Celebrating World Environment Day in the time of an ongoing horrific health pandemic was difficult to contemplate. In this time of immense human grief and loss, what does the environment even count for? But take a moment to reflect. The most important element that we gasped for in the past month was oxygen. Think of the hours and days we spent finding oxygen for our loved ones; how we saw patients collapse and die because hospitals did not have oxygen in the tanks; how the courts stepped in to regulate the transportation of oxygen from industries across the country; how we learnt about the business of oxygen concentrator — a machine that sucks in air and gives us oxygen on demand. Our desperation cannot be recounted without pain. We saw the gasp for each breath — and just how precious it is.
This then is what we must remember this World Environment Day. The oxygen that we get from nature is about increasing green cover and ensuring that our air — our every breath — is not polluted. Something we talk glibly about and yet discount with our next move.
The theme of this year’s World Environment Day, celebrated every year on June 5, is ecosystem restoration. Increasing the tree density and repairing the ecosystem health mean the world will sequester carbon dioxide — that is filling up our atmosphere and leading the world to an inexorable downward spiral of climate change impacts — and release oxygen. It’s a win-win. But what we need to understand is that planting trees or restoring ecosystems will require us to first restore our relationship with nature and society.

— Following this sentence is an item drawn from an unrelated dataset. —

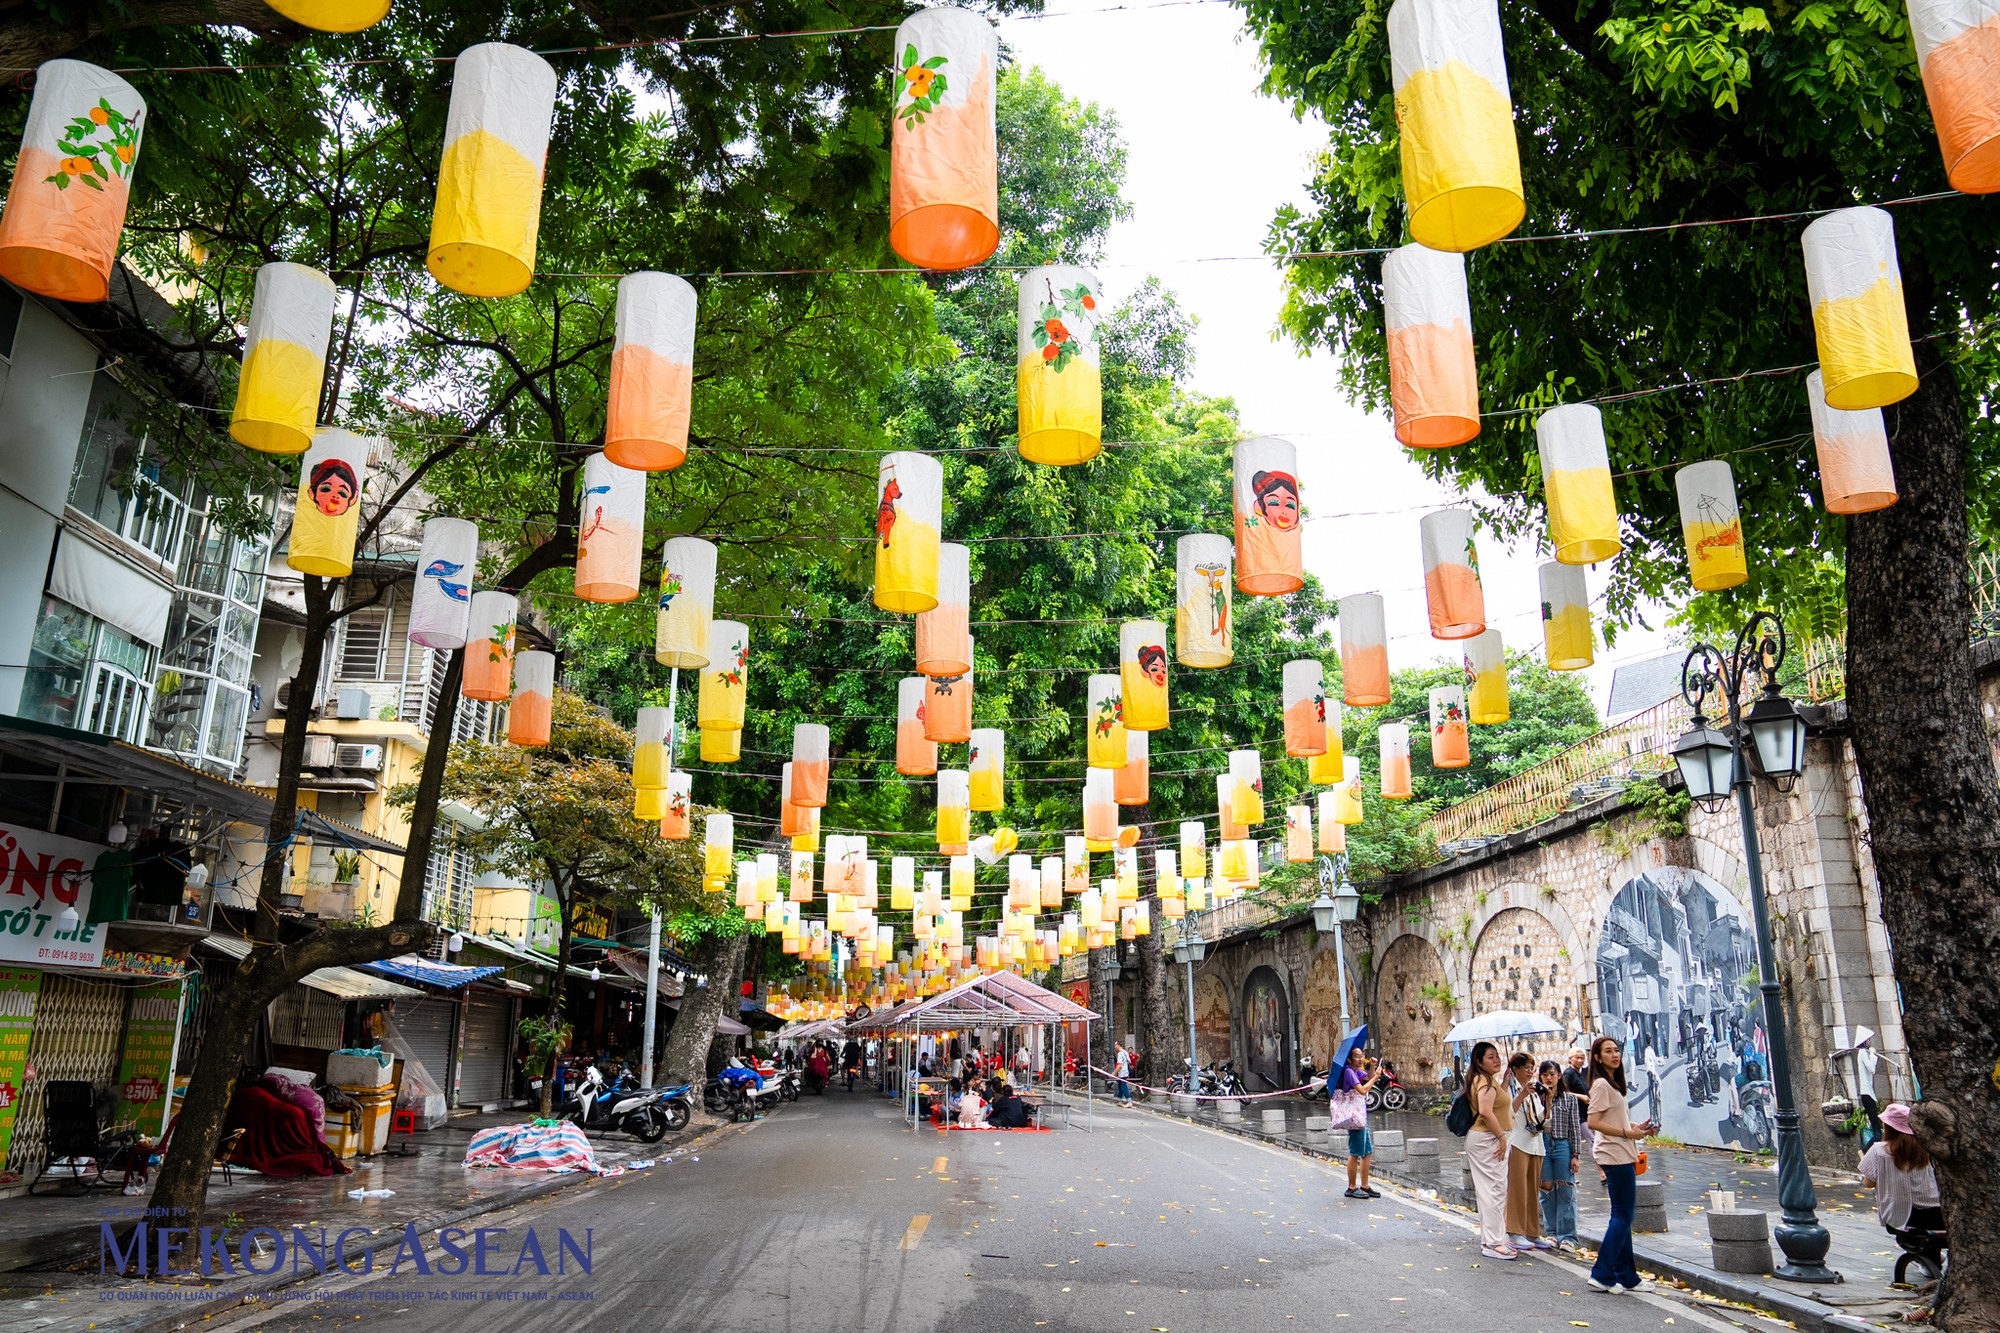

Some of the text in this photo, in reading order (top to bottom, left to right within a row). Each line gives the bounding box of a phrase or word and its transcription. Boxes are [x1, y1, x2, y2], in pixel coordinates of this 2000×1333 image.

[52, 949, 69, 960] 0914
[69, 951, 77, 960] 88
[79, 952, 94, 962] 9938

The fact is trees are about land — who owns it, who protects and regenerates it, and who has the rights over the produce. In India, the forest department has the “ownership” of vast areas of common forest land. But countries like India do not have “wilderness”. Instead, we have habitats where people coexist with wild animals in forests. These are the same forest districts classified as the most backward and poorest. It is also a fact that using all the legal, administrative, and sometimes muscle power, the country’s forest department has kept tree cover somewhat intact. It works hard every day to keep people and their animals out. It shuffles files between the bottom rung of guards and the top bureaucrats to minimise the cutting of trees for “development” projects — from mining to dams.
But “growing” trees needs people to take ownership of its management — so that livestock is kept out; so that the saplings survive. More importantly, trees have a value — whether for their ecosystem services or for timber — which needs to be paid to the grower. This would then make for a tree-based renewable future — where timber can be used for making houses and wood for generating energy. This will be an evergreen revolution that puts money in the hands of the poor; secures livelihoods; and at the same time provides for energy security and combats climate change.

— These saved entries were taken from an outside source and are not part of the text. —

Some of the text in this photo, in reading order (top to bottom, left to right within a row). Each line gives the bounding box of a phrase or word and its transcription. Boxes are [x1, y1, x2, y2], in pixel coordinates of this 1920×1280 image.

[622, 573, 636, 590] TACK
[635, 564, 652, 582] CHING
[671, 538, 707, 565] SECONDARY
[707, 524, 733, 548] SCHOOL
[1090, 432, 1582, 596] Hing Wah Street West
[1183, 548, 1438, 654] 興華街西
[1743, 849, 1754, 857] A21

Today the entire world is talking about nature-based solutions — what I have described above — but without putting the poor community at the centre of the solution. The reason is not difficult to understand. It is about the political economy of land tenure; the power of the most voiceless and marginalised; and the cost of growing trees when people matter. In this scheme the value of land and labour needs to be paid for, not in terms of the cheapest options for mitigating carbon dioxide from the air but in terms of livelihoods that this solution will provide. This will make the entire idea of buying cheap carbon offsets unfeasible.
Then, of course, there is the challenge when every breath we inhale is poison and not oxygen. We discuss this every year, when winter comes and the pollution gets trapped in the heavy air and moisture. We feel it then. We scream. But then we forget. So, just as winter ended this year, the Indian government decided to change the rules for coal-based thermal power plants to give them a licence to pollute. Simply, it said, you can pay for non-compliance and this penalty will be lower than what you would spend on pollution control equipment. The rules are oxygen for the power companies and death by breath for the rest of us.
The fact is our oxygen cannot be secured in a cylinder or by an oxygen concentrator machine that I suspect every rich Indian household will now buy and keep. It cannot even be secured by the air purifier that we already have bought and installed in our houses and offices. Instead, oxygen needs us to value it as the most important and critical life-support system of our world. So, this World Environment Day, when the ravages of the pandemic have left us angry and shattered, let’s not beat around the bush any more. We know today, more than ever before, that talking the talk does not save lives. We need to walk the talk. The oxygen in this battle for a greener and more inclusive tomorrow is our common anguish — this is our fight for survival. Nothing less.